Today, I updated udev on my system. During the reboot my pc (AMD64 with sata) says "Failed to open the device '/dev/sda3': No such file or directory". When I list /dev it's nearly empty. Seems like there is something wrong with udev or its conf but I can't locate the fault.

Cheers huttu

----------

## Huttu

When I execute 

```
udevstart
```

 in the 'emergency console' it populates the /dev directory. I hope, now someone is able to help me.[/code]

----------

## drescherjm

Some info about your system would be helpful... Did you get it to boot at that point?

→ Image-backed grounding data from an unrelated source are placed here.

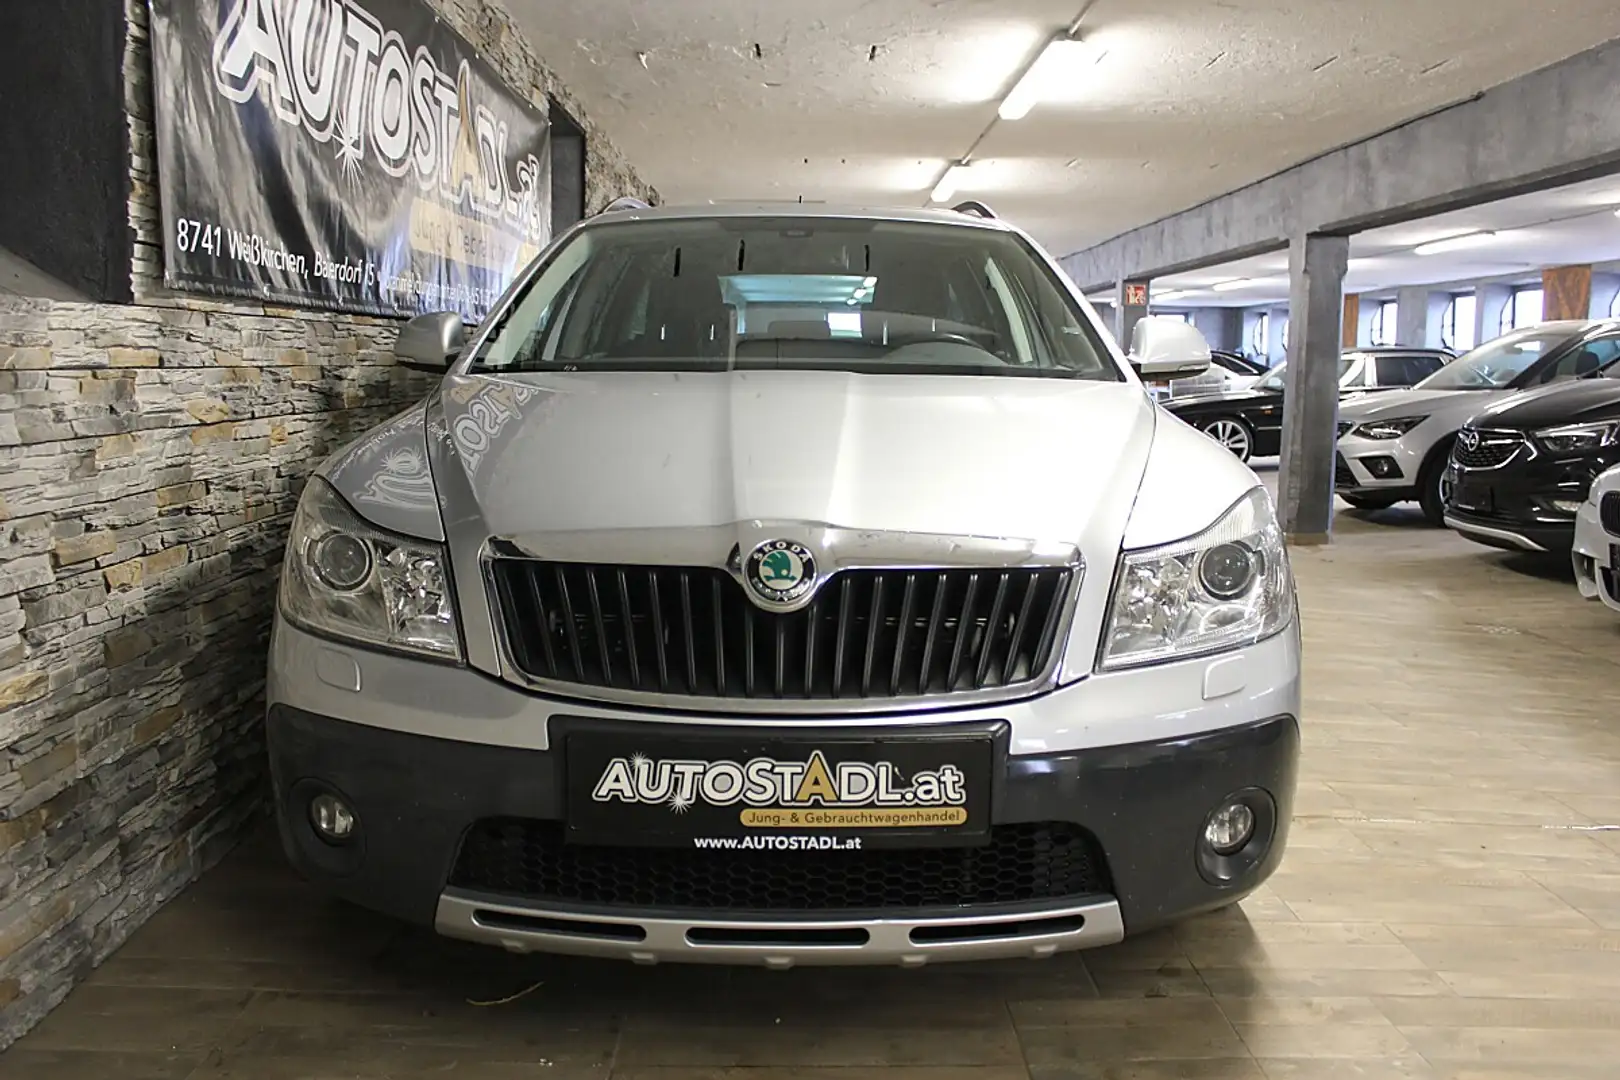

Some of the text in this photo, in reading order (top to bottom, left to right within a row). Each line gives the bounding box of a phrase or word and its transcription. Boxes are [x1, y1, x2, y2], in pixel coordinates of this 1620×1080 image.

[177, 217, 222, 258] 8741
[226, 227, 308, 280] Weißkirchen,
[314, 251, 363, 284] Baierdorf
[592, 750, 968, 805] AUTOSTADL.at
[749, 810, 960, 825] Jung- & Gebrauchtwagenhandel
[694, 835, 862, 850] www.AUTOSTADL.at
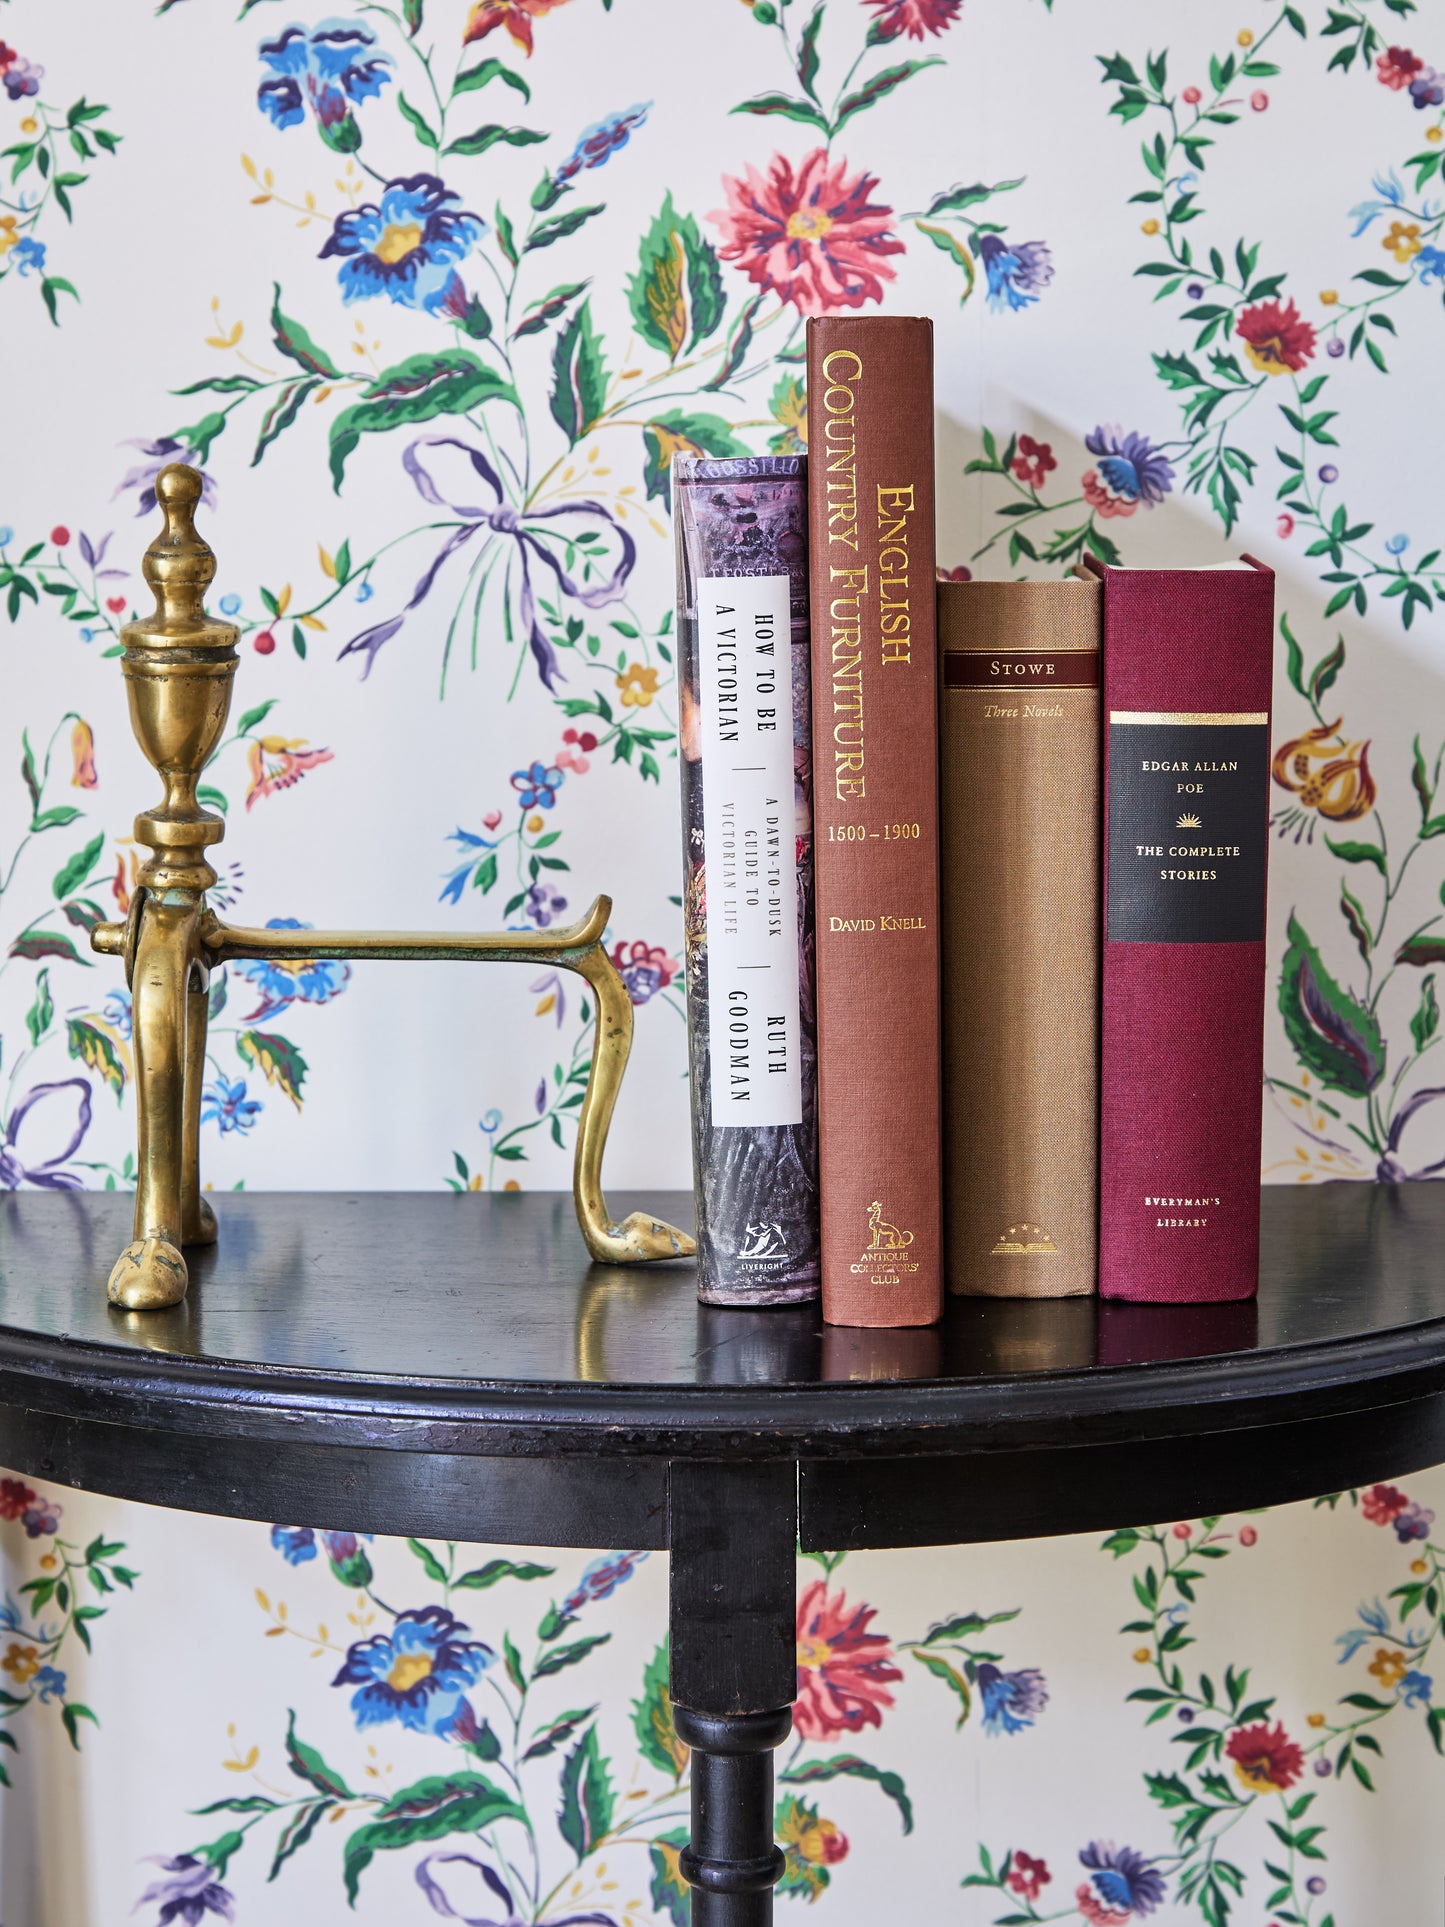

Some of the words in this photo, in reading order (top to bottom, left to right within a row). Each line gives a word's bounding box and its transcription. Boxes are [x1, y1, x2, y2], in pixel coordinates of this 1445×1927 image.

I believe if you exit this shell you can retry the boot. If this works please post the output of 

```
emerge --info
```

----------

## Huttu

Yes it booted until the point when X11 should start but instead of the login screen I see the mentioned error message. In my opinion the solution for the problem would be something like 

```
Add udevstart to the initscript XYZ in /etc/init.d/ and reboot the system
```

But I have no idea which file this would be.

----------

## martin.k

 *Huttu wrote:*   

> Yes it booted until the point when X11 should start but instead of the login screen I see the mentioned error message. In my opinion the solution for the problem would be something like 
> 
> ```
> Add udevstart to the initscript XYZ in /etc/init.d/ and reboot the system
> ```
> ...

 

http://www.gentoo.org/doc/en/udev-guide.xml

And yes... For recent udev versions, after emerging udev, you will need cast this command from your console (as root):

```
rc-update add hotplug default
```

Next time you boot, udev will start and create device files in /dev/

TIP:

The ~x86 branch udev needs hotplug, so don't force emerging coldplug - as noted in the gentoo udev-guide.   :Shocked:   :Laughing:   :Idea: 

And RT*M   :Laughing: 

----------

## Huttu

It didn't work. I found a poster with a similar problem:

https://forums.gentoo.org/viewtopic-t-451848.html

But downgrading to 0.79-r1 doesn't work on my System.

----------

## Huttu

I kindof solved the problem by adding udevstart to the file /etc/ini.d/checkroot. Well the system starts but I'm not happy with that solution.

----------